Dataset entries
· · · · ·
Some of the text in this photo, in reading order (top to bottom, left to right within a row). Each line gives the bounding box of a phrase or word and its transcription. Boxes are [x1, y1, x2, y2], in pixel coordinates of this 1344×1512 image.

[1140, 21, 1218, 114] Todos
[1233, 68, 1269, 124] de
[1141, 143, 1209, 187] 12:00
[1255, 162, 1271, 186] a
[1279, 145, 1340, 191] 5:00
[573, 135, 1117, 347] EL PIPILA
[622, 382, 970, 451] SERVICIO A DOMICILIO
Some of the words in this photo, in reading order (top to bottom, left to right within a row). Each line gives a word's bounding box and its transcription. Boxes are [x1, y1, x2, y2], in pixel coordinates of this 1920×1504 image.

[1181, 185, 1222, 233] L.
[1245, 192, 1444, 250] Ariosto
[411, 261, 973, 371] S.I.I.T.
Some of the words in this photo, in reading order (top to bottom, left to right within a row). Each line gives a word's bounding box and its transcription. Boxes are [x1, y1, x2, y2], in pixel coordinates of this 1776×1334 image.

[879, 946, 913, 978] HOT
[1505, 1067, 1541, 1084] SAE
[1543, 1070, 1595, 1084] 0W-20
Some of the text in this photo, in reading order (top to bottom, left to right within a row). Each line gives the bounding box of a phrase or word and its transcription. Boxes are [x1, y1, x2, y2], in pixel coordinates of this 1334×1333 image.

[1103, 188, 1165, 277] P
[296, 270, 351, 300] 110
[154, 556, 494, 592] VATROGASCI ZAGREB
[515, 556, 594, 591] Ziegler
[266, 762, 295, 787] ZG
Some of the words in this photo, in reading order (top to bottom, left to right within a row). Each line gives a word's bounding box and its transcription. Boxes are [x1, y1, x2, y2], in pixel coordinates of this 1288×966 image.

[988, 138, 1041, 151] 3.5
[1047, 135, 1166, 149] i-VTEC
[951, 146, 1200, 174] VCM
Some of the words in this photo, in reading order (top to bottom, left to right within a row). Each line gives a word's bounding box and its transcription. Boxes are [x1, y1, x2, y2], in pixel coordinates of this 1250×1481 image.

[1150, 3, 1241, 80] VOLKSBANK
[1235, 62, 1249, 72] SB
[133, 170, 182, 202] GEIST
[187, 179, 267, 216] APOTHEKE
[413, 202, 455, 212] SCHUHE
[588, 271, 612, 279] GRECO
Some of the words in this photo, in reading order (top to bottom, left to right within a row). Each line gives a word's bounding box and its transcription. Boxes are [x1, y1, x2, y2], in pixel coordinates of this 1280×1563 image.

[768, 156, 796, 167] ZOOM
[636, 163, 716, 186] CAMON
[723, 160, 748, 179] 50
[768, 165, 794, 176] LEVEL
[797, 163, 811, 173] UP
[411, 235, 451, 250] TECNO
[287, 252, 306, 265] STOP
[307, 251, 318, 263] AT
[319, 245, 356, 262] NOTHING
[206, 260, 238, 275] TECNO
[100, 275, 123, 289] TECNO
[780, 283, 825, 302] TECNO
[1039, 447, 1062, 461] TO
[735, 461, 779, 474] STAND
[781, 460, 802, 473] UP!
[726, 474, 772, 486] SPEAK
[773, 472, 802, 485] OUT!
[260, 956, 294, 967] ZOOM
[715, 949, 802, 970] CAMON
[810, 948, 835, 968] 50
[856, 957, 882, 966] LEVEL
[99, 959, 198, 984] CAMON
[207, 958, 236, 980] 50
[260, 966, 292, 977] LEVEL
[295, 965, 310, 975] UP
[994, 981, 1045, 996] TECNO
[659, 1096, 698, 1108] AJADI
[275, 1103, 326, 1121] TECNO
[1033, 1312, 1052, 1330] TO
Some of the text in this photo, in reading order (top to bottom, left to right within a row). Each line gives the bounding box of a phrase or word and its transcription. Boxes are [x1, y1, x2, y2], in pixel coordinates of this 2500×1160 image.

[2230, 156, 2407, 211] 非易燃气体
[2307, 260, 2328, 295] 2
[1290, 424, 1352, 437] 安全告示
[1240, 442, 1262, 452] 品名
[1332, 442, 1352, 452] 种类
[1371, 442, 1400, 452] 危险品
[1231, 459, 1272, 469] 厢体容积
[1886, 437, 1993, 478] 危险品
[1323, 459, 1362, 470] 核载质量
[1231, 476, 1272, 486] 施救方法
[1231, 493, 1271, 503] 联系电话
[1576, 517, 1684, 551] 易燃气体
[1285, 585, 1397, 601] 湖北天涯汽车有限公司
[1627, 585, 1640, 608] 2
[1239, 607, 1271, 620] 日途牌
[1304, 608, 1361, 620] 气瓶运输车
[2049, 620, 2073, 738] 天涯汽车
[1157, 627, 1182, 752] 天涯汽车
· · · · ·
How to complete this task: Line by line, output the records exactly as given.

Output for this exercise:
Some of the text in this photo, in reading order (top to bottom, left to right within a row). Each line gives the bounding box of a phrase or word and its transcription. Boxes are [x1, y1, x2, y2], in pixel coordinates of this 1344×1512 image.

[1140, 21, 1218, 114] Todos
[1233, 68, 1269, 124] de
[1141, 143, 1209, 187] 12:00
[1255, 162, 1271, 186] a
[1279, 145, 1340, 191] 5:00
[573, 135, 1117, 347] EL PIPILA
[622, 382, 970, 451] SERVICIO A DOMICILIO
Some of the words in this photo, in reading order (top to bottom, left to right within a row). Each line gives a word's bounding box and its transcription. Boxes are [x1, y1, x2, y2], in pixel coordinates of this 1920×1504 image.

[1181, 185, 1222, 233] L.
[1245, 192, 1444, 250] Ariosto
[411, 261, 973, 371] S.I.I.T.
Some of the words in this photo, in reading order (top to bottom, left to right within a row). Each line gives a word's bounding box and its transcription. Boxes are [x1, y1, x2, y2], in pixel coordinates of this 1776×1334 image.

[879, 946, 913, 978] HOT
[1505, 1067, 1541, 1084] SAE
[1543, 1070, 1595, 1084] 0W-20
Some of the text in this photo, in reading order (top to bottom, left to right within a row). Each line gives the bounding box of a phrase or word and its transcription. Boxes are [x1, y1, x2, y2], in pixel coordinates of this 1334×1333 image.

[1103, 188, 1165, 277] P
[296, 270, 351, 300] 110
[154, 556, 494, 592] VATROGASCI ZAGREB
[515, 556, 594, 591] Ziegler
[266, 762, 295, 787] ZG
Some of the words in this photo, in reading order (top to bottom, left to right within a row). Each line gives a word's bounding box and its transcription. Boxes are [x1, y1, x2, y2], in pixel coordinates of this 1288×966 image.

[988, 138, 1041, 151] 3.5
[1047, 135, 1166, 149] i-VTEC
[951, 146, 1200, 174] VCM
Some of the words in this photo, in reading order (top to bottom, left to right within a row). Each line gives a word's bounding box and its transcription. Boxes are [x1, y1, x2, y2], in pixel coordinates of this 1250×1481 image.

[1150, 3, 1241, 80] VOLKSBANK
[1235, 62, 1249, 72] SB
[133, 170, 182, 202] GEIST
[187, 179, 267, 216] APOTHEKE
[413, 202, 455, 212] SCHUHE
[588, 271, 612, 279] GRECO
Some of the words in this photo, in reading order (top to bottom, left to right within a row). Each line gives a word's bounding box and its transcription. Boxes are [x1, y1, x2, y2], in pixel coordinates of this 1280×1563 image.

[768, 156, 796, 167] ZOOM
[636, 163, 716, 186] CAMON
[723, 160, 748, 179] 50
[768, 165, 794, 176] LEVEL
[797, 163, 811, 173] UP
[411, 235, 451, 250] TECNO
[287, 252, 306, 265] STOP
[307, 251, 318, 263] AT
[319, 245, 356, 262] NOTHING
[206, 260, 238, 275] TECNO
[100, 275, 123, 289] TECNO
[780, 283, 825, 302] TECNO
[1039, 447, 1062, 461] TO
[735, 461, 779, 474] STAND
[781, 460, 802, 473] UP!
[726, 474, 772, 486] SPEAK
[773, 472, 802, 485] OUT!
[260, 956, 294, 967] ZOOM
[715, 949, 802, 970] CAMON
[810, 948, 835, 968] 50
[856, 957, 882, 966] LEVEL
[99, 959, 198, 984] CAMON
[207, 958, 236, 980] 50
[260, 966, 292, 977] LEVEL
[295, 965, 310, 975] UP
[994, 981, 1045, 996] TECNO
[659, 1096, 698, 1108] AJADI
[275, 1103, 326, 1121] TECNO
[1033, 1312, 1052, 1330] TO
Some of the text in this photo, in reading order (top to bottom, left to right within a row). Each line gives the bounding box of a phrase or word and its transcription. Boxes are [x1, y1, x2, y2], in pixel coordinates of this 2500×1160 image.

[2230, 156, 2407, 211] 非易燃气体
[2307, 260, 2328, 295] 2
[1290, 424, 1352, 437] 安全告示
[1240, 442, 1262, 452] 品名
[1332, 442, 1352, 452] 种类
[1371, 442, 1400, 452] 危险品
[1231, 459, 1272, 469] 厢体容积
[1886, 437, 1993, 478] 危险品
[1323, 459, 1362, 470] 核载质量
[1231, 476, 1272, 486] 施救方法
[1231, 493, 1271, 503] 联系电话
[1576, 517, 1684, 551] 易燃气体
[1285, 585, 1397, 601] 湖北天涯汽车有限公司
[1627, 585, 1640, 608] 2
[1239, 607, 1271, 620] 日途牌
[1304, 608, 1361, 620] 气瓶运输车
[2049, 620, 2073, 738] 天涯汽车
[1157, 627, 1182, 752] 天涯汽车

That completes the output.